With that, Martina left the apartment and resumed her normal duties.

 

Alexander smiled to himself and went to his writing desk where he kept a daily planner.  He wrote Donald Pearsall’s name in the planner as an appointment for that morning.  He then turned a few pages and entered Pearsall’s name for a date several days later at about the same time of day. Donning a pair of rubber gloves, he carefully cut the extension cord Pearsall had handled and then stripped approximately two inches of insulation from the end.

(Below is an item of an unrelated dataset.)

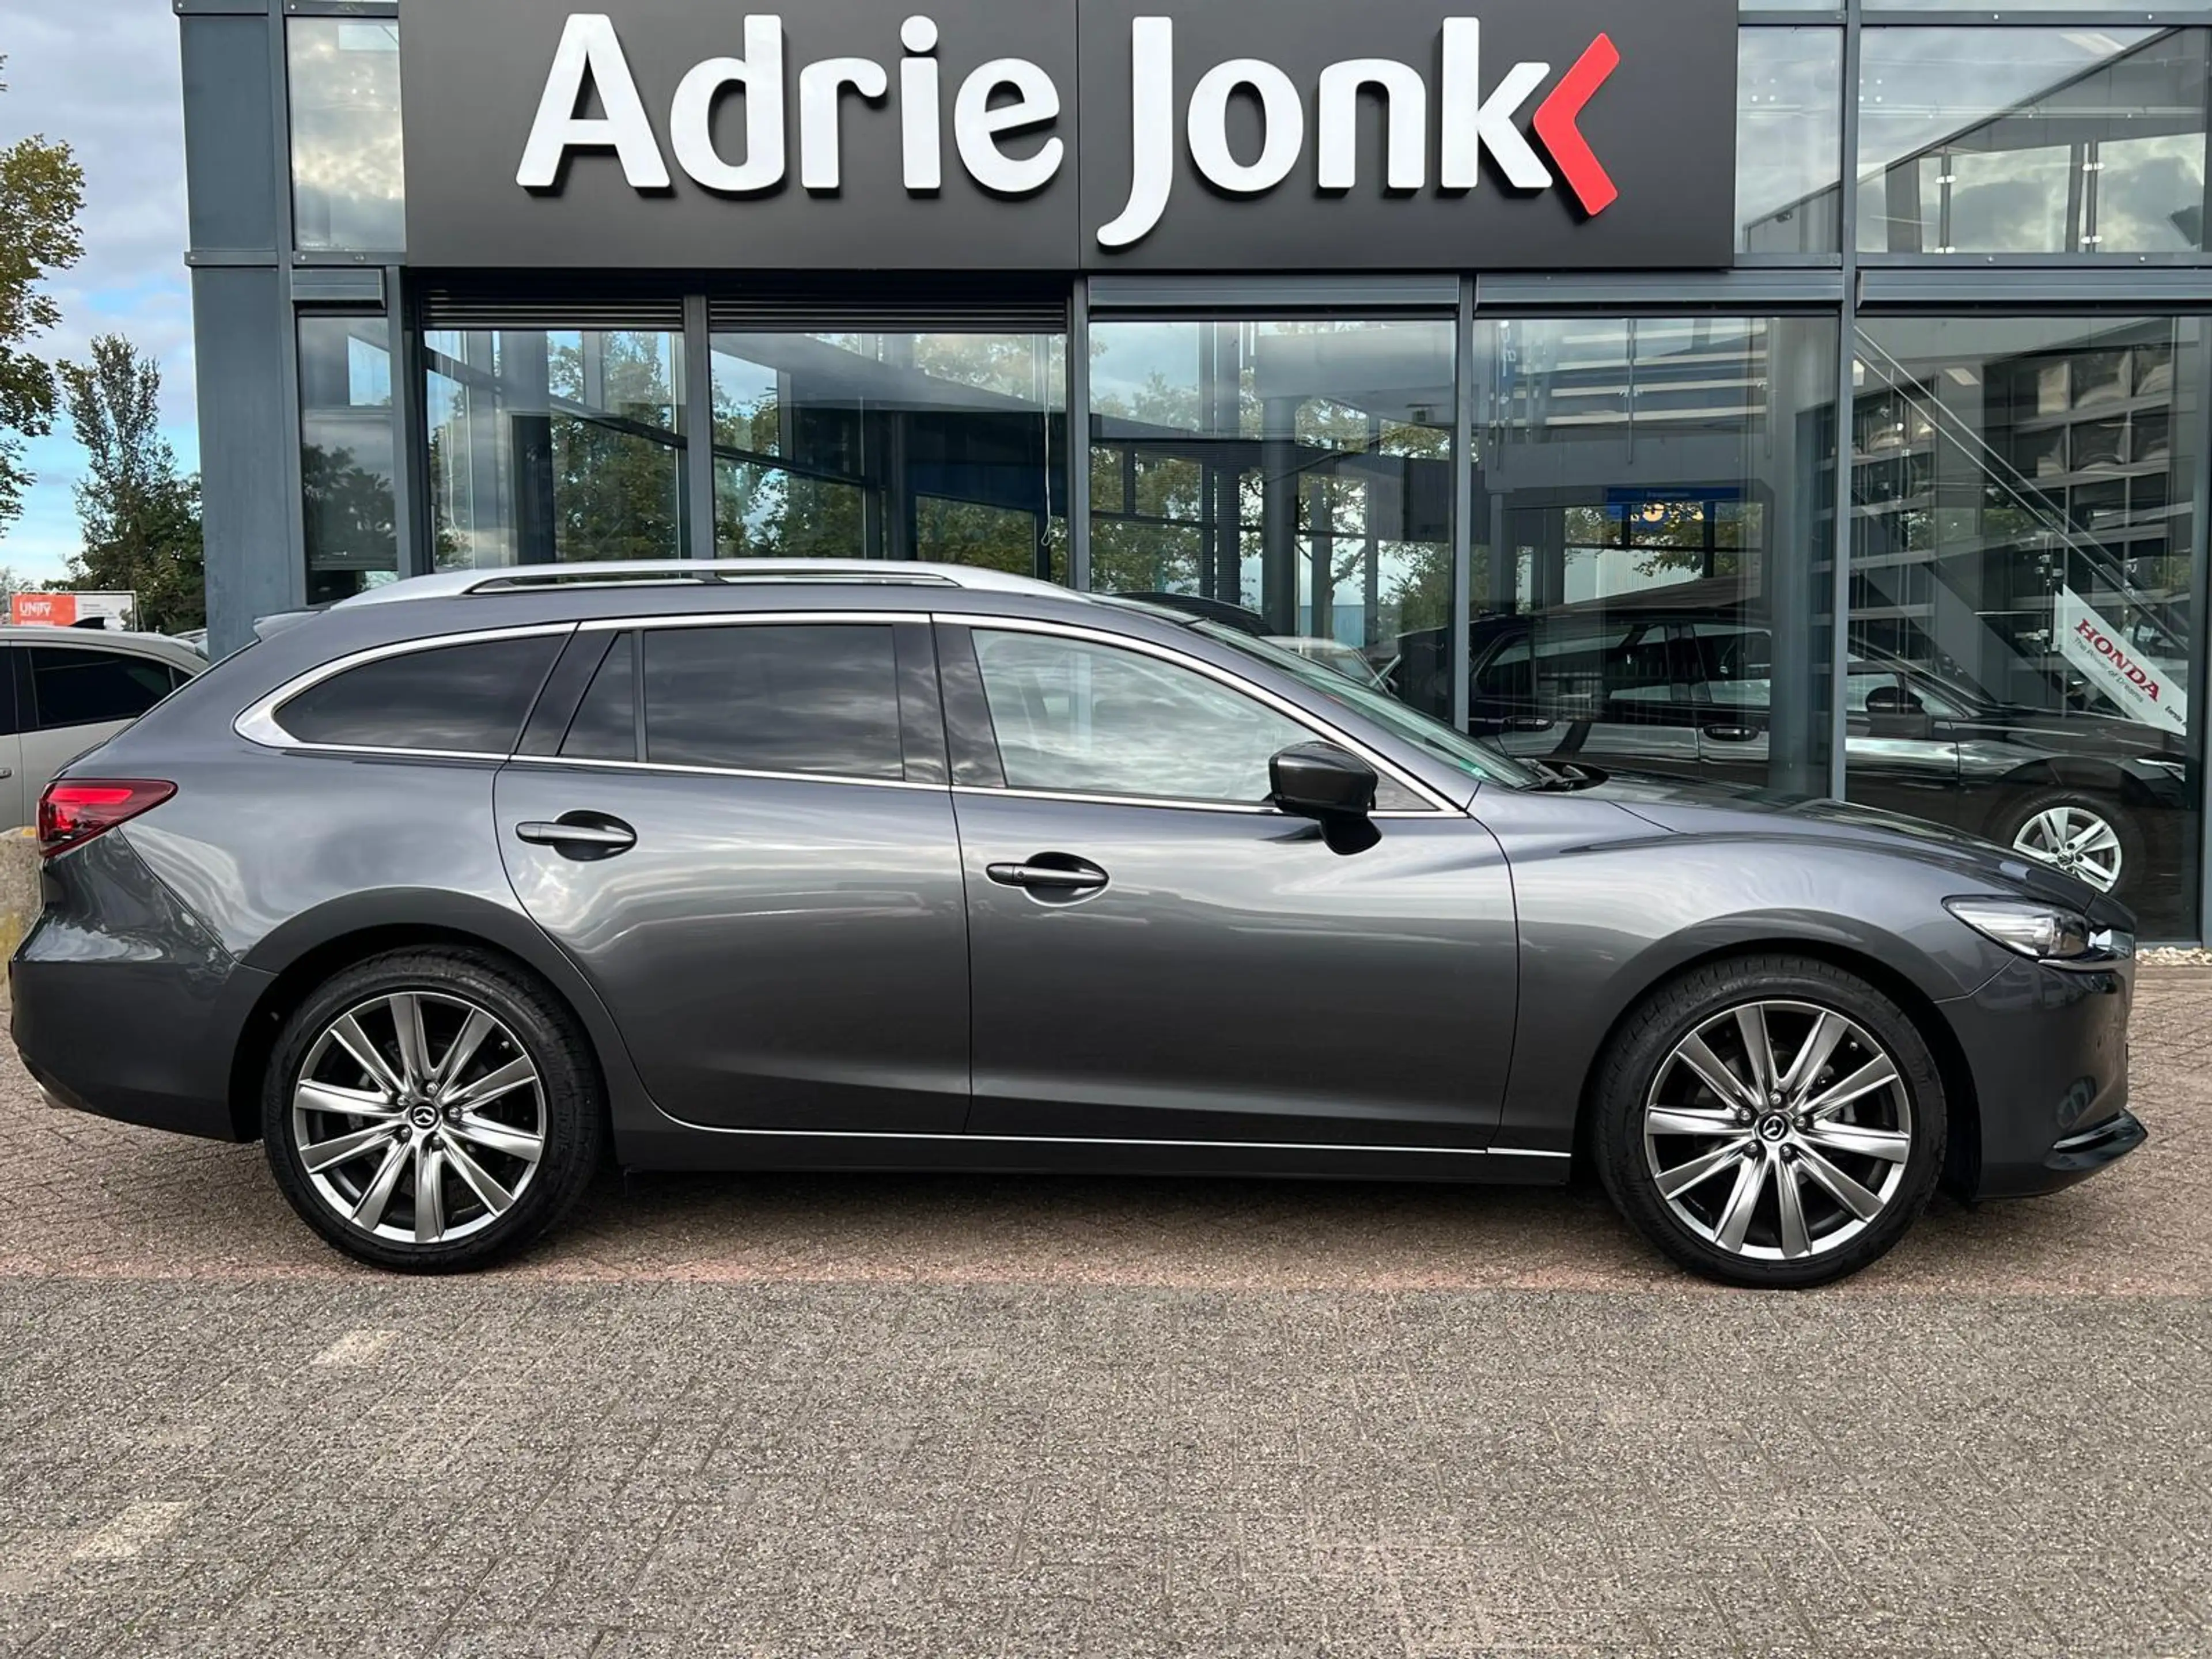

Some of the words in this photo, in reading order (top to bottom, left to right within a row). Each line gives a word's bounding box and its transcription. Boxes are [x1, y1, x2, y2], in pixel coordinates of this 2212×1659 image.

[516, 13, 1063, 191] Adrie
[1097, 17, 1553, 245] Jonk
[2074, 618, 2159, 702] HONDA
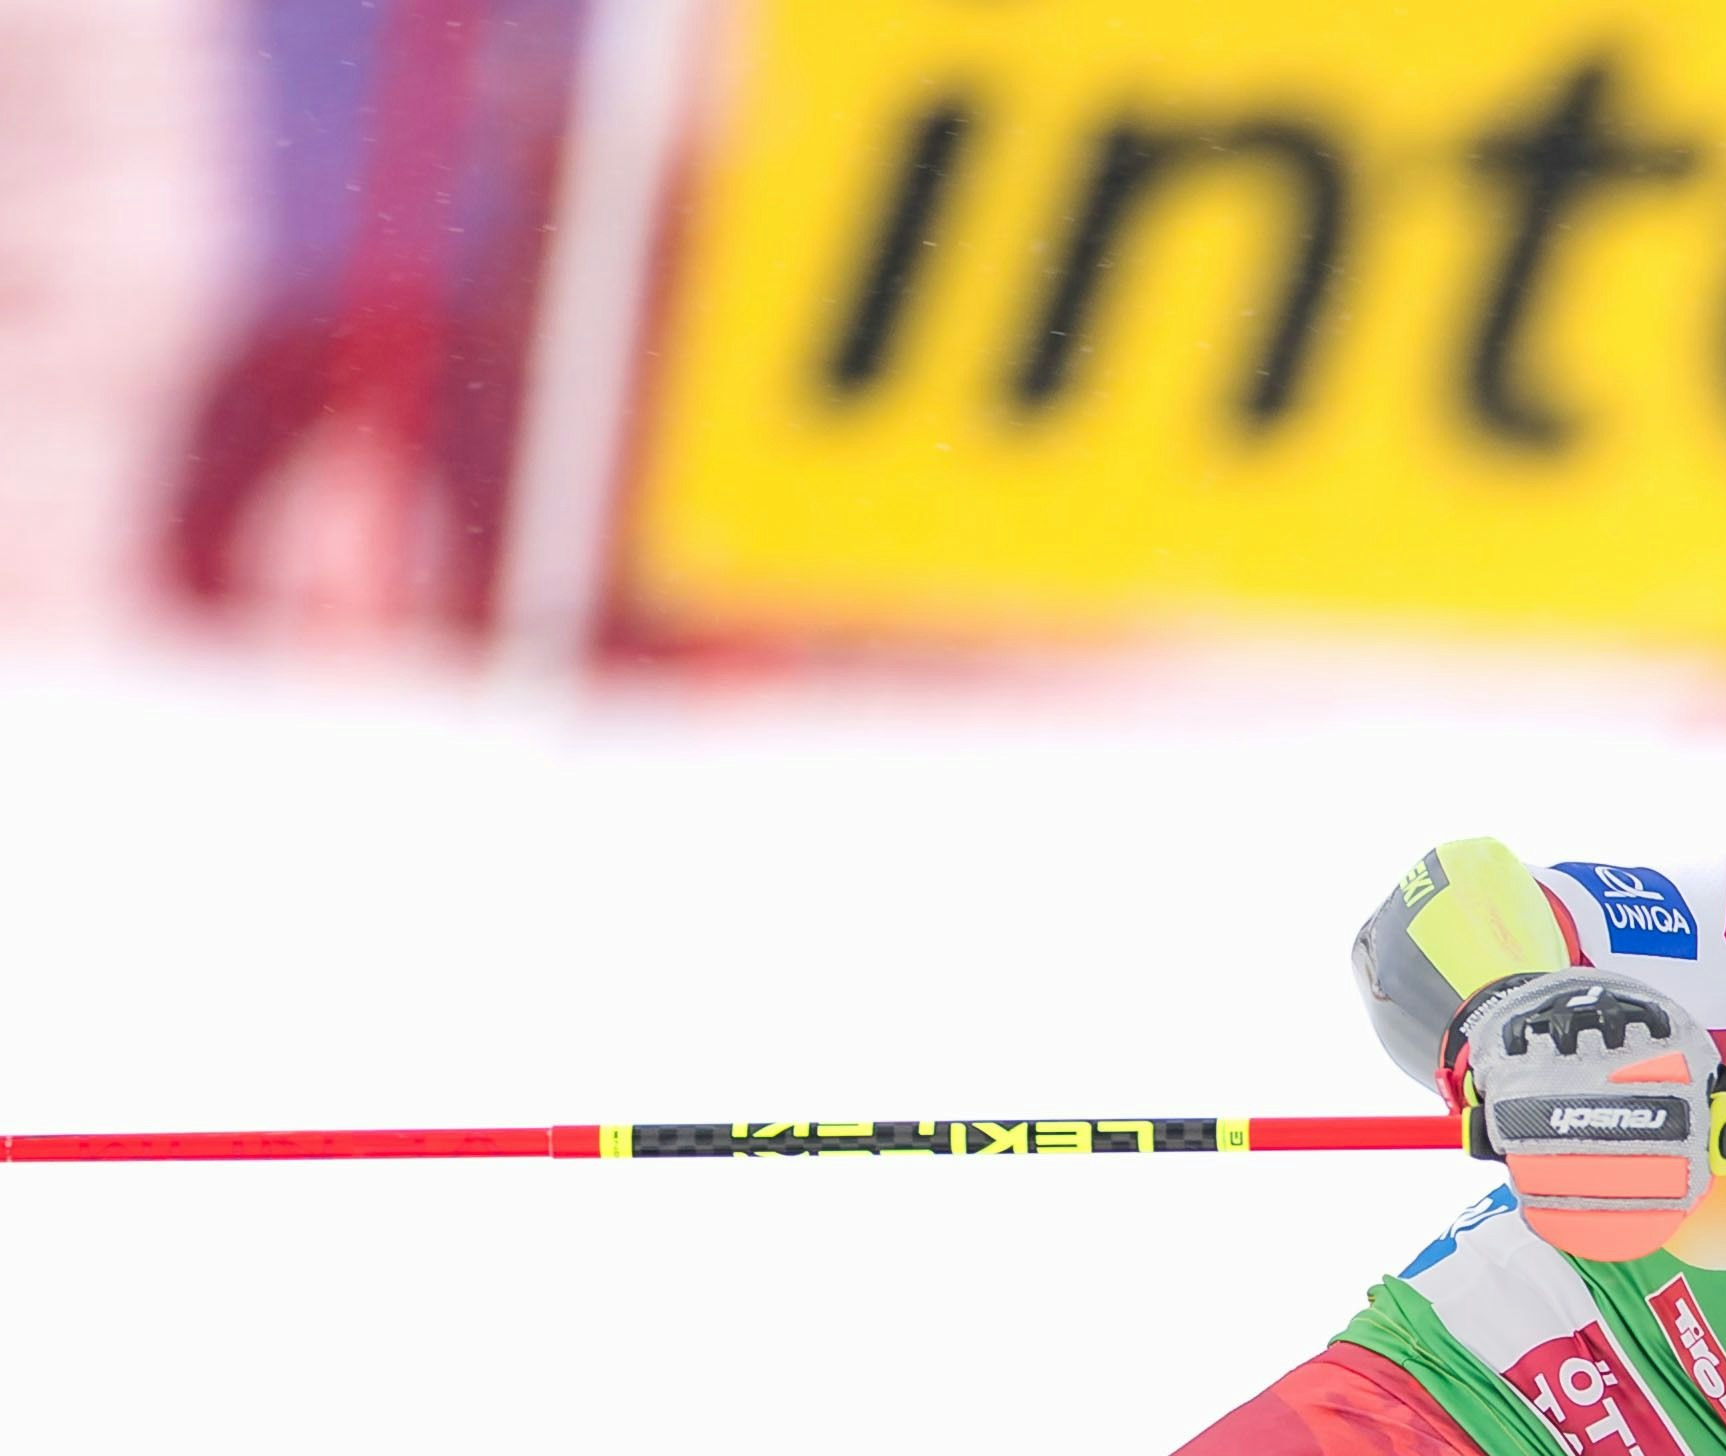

Alexander waited patiently for the day that Pearsall’s name would again appear in his planner.  On that morning, he took a small length of rope and rubbed it back and forth on his wrists to create abrasive marks. He placed the rope in the waste basket along with a large amount of used tissue. He rolled his shirt sleeves back down covering the marks. Next, he took a larger-than-normal dose of the pain medication Dr. Collins had prescribed.

He greeted Martina Trujillo warmly when she arrived to clean his apartment later that morning.  They exchanged their normal pleasantries as she went about her chores including carefully emptying all of the waste baskets.  Conrad Alexander spoke to her as she was about to leave.  “Martina, thank you for your thoughtfulness and kindness.  I hope your Father’s condition improves. Oh, and would you please turn the lights off as you leave?  I’m expecting a visitor in a while and I’d like to relax a bit before he arrives.”

Using the cuff of his shirt sleeve to cover his fingertips, he carefully placed the exposed wires deep inside his mouth.  He sighed. As requested, Martina moved the light switch to the OFF position as she exited the apartment.